Sourdough bread. That was the launching pad of her thoughts. We as a people seem to be baking to get through these days of isolation and we are letting other folks know what we’ve been up to . . . the joy of social media. I certainly participate in that Instagram/Facebook/Etc. activity myself, although it’s usually something having to do with what I planted in the garden. It’s fun. It’s sociable. It encourages camaraderie and connects us. But wow, in the hands of someone with limited vision of what life is about (marvelous writer and all), that picture of living yeast rises up into a bleak, humanistic view of the circle of life. It’s fodder for mockery. Hope is something to be grasped at and strained for and is dependent on the whims of time and space. Who in the world is lucky. And who isn’t.

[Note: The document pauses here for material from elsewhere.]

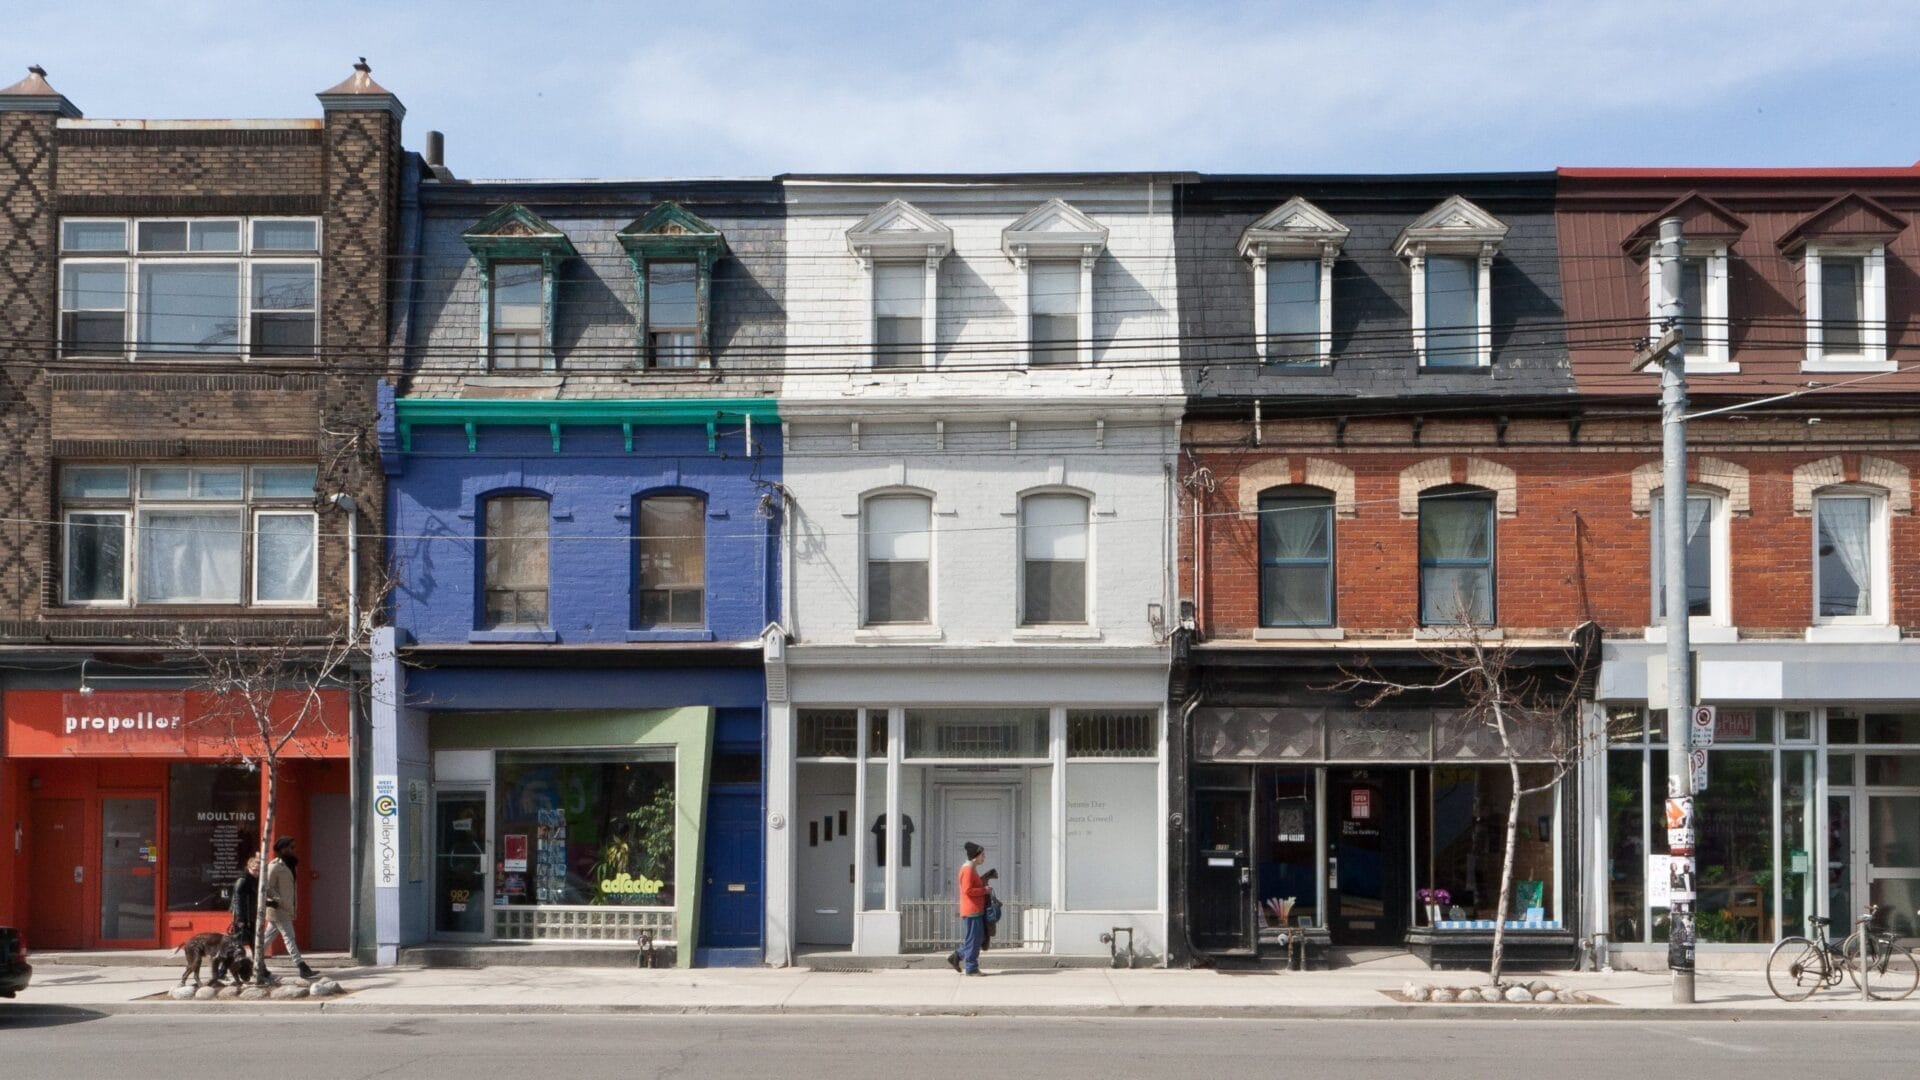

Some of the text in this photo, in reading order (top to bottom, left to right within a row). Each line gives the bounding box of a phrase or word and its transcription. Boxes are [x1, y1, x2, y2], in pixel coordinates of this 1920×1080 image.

Friend, Family, Dear Ones, may I direct you toward a different thought pattern?

Go to the source of true hope. Real hope.

There is no shortage of HOPE in the Bible. Concrete hope. Solid hope. Hope with skin on. This is the Book of books. There is no need to shake loose of it or to recover from the experience of reading it. Its words are true and trustworthy. Daniel says, “But first I will tell you what is written in the Book of Truth.” (Daniel 10:21 NIV).

If you are weary these days and find yourself grasping for hope, look into the Word of the Lord. It’s bursting with it!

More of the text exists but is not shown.